This October 4-6, Oklahoma City will welcome a firmament of stellar speakers and a Milky Way of radiant participants to the Painters, Prophets, Poets conference, subtitled “Imagining New Creation Together.”

Hosted by Travis Lowe and Hannah Anderson, speakers are Malcolm Guite, Makoto Fujimura, Haejin Shim Fujimura, Beth Moore, and Miroslav Volf. Around 400 people have registered from 30 states plus Canada. Most of the top 10 states lie between the Rockies and the Appalachians. An explicit goal is to encourage the growth of collaborative communities in the central plains.

Learn more and follow conference updates at Facebook and Instagram.

PPP speakers.

After registration, conference participants hear about various auxiliary events. One of those is touring the OU History of Science Collections…

Invitation:

Today, you are a researcher. This is a privilege and a dare.

Beware, the books will change you. Let him who has ears to hear…

I pray you will find one that speaks to you.
One that rouses your imagination like the Oklahoma winds.
One that strengthens you with the comfort of the companionship of a true friend.

Enter in hope, all ye who enter here.

Captions

Experiencing the History of Science Collections as part of this conference will not be like visiting a museum; our conversation together will be much more personal than that. Come with your heart open to allow the beauty of these physical traces to draw you into the invisible reality of the communion of the saints, the communities of scientists, artists, and lovers of creation who have gone before. Bring your journal notebook (pencils good, but no pens). Phone photos welcome. Space is limited. Register first, then you can sign up. With apologies, no rain checks; it is not available on other dates.
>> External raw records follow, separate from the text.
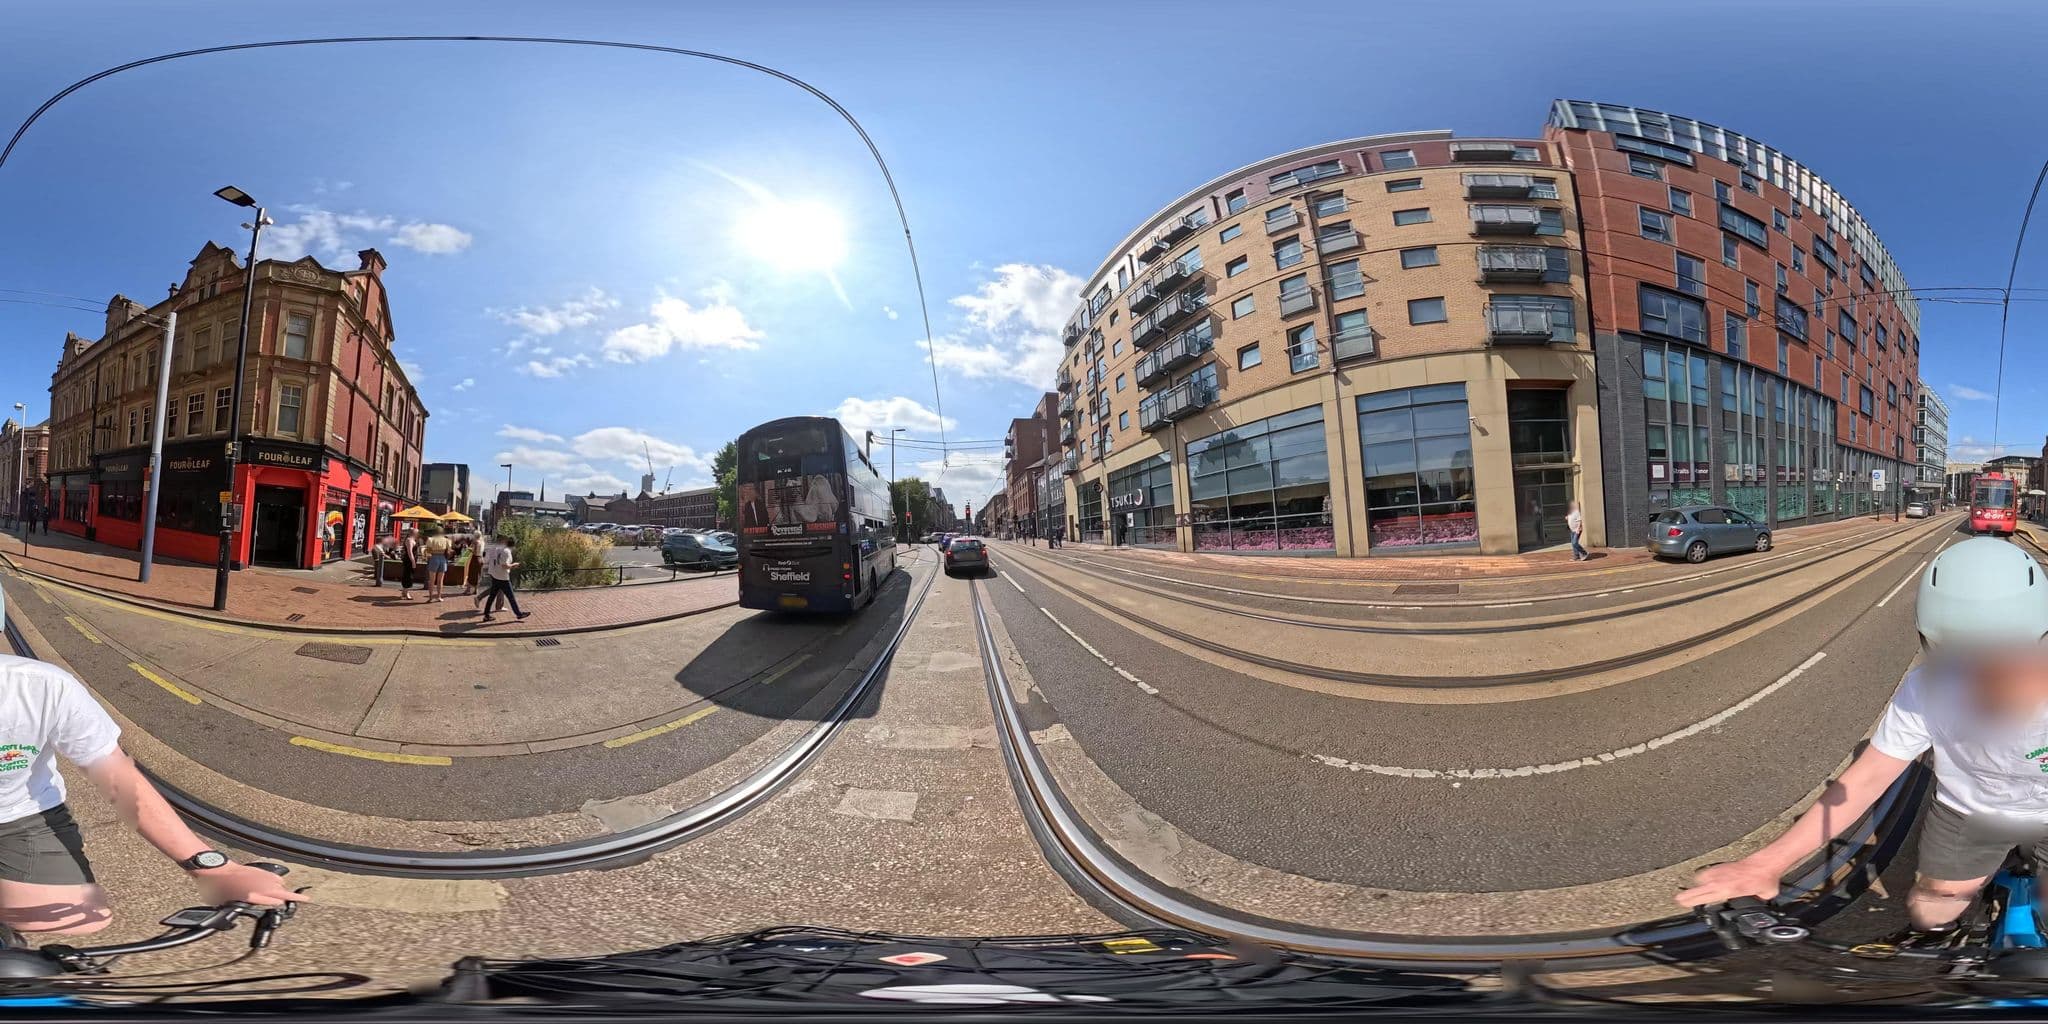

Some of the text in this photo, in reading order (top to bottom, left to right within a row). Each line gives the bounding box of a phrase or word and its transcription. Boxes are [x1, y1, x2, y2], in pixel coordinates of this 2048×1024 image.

[169, 459, 211, 469] FOUR LEAF
[258, 452, 313, 465] FOUR LEAF
[1110, 493, 1132, 508] TSUKI
[770, 571, 811, 581] Sheffield
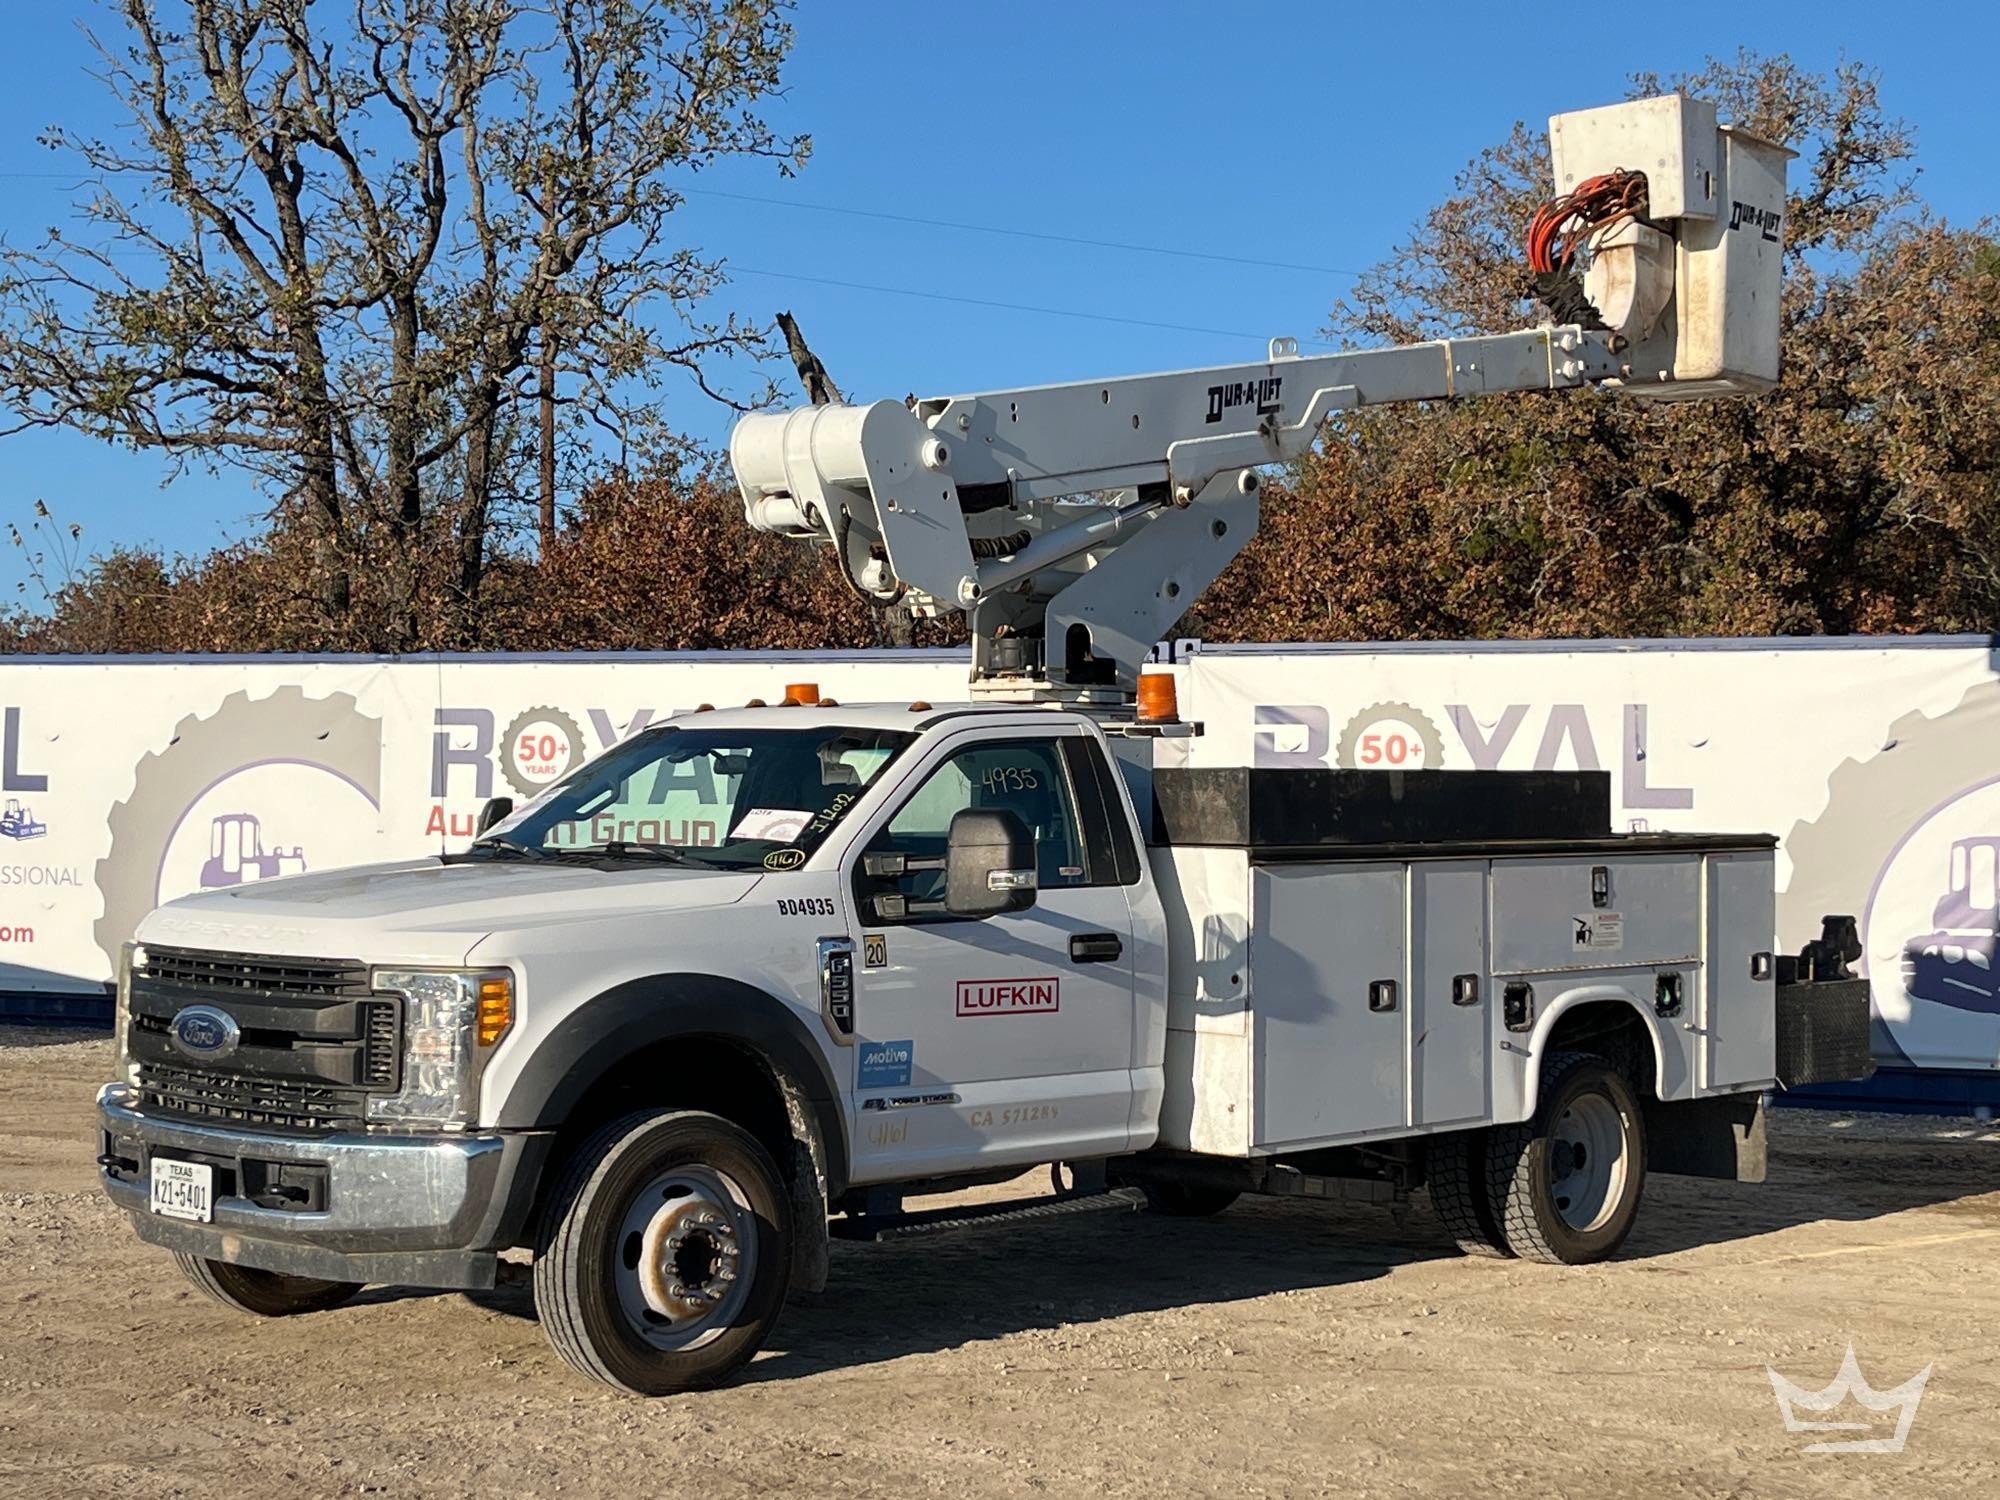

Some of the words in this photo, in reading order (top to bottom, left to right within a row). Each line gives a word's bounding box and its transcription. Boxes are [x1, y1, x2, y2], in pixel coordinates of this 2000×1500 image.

[519, 735, 568, 762] 50+
[1360, 734, 1422, 764] 50+
[525, 765, 557, 775] YEARS
[591, 812, 716, 847] Group
[867, 943, 884, 964] 20
[964, 985, 1052, 1008] LUFKIN
[183, 1018, 217, 1046] Ford
[169, 1164, 193, 1178] TEXAS
Recommendation: Download a copy before the tour, and read the first few pages to orient you to the History of Science Collections and what we’ll be doing. First we’ll enjoy a whirlwind tour; then after that you can go back and look at one or two books with greater care and attention (consulting the meditations if you wish just for those select items). This PDF contains all the meditations that are set next to the books during the tour, but don’t try to read them all at once.

In the weeks after the tour, read the meditations at leisure, like a book of poems, selectively, and as you have time to inwardly digest them.**

Then, as the desire to know and the love of understanding wells up as courage within you, come back, register as a researcher, and ask to see the original books in the Reading Room!

At the conference I look forward to meeting you in person. Before then, I hope to read your introduction on the private Facebook group. See you soon… I can’t wait!

** Note: The meditations are not written to be read in an informational mode like one might employ to scan an article at Wikipedia. They are not what Siri might speak back if you asked her for a caption. Read them like poems. Within the frame of a given form or structure the creativity of a poem emerges; it is the same for these reflections. Think of the materiality of the books and historical knowledge of the events as analogous to the form or structure of a poem. While writing within that frame to the best of my ability, these are meditations, interpretations, my gifts of gratitude to the speakers, organizers, and participants of this conference. Tip: You may find it helpful to read them aloud.

  • George MacDonald bookmarks.

  • Become a researcher at the OU History of Science Collections:

    Yes, you are welcome to come back as a researcher. You do not need to be an academic scholar. There is a registration process. After that, the books will be brought to you in the Reading Room (max of five at a time). It’s good to request the books in advance so they can be pulled and waiting for you. All this is explained on the web page for the History of Science Collections. The information at the top of each page in the reflections PDF is sufficient to make a book request. Go to the University of Oklahoma Libraries website (libraries.ou.edu) and navigate to the page for the History of Science Collections. There you can register online, request the books you want to see ahead of time, and ask any questions you have for Collections staff. And then come and sit with the books.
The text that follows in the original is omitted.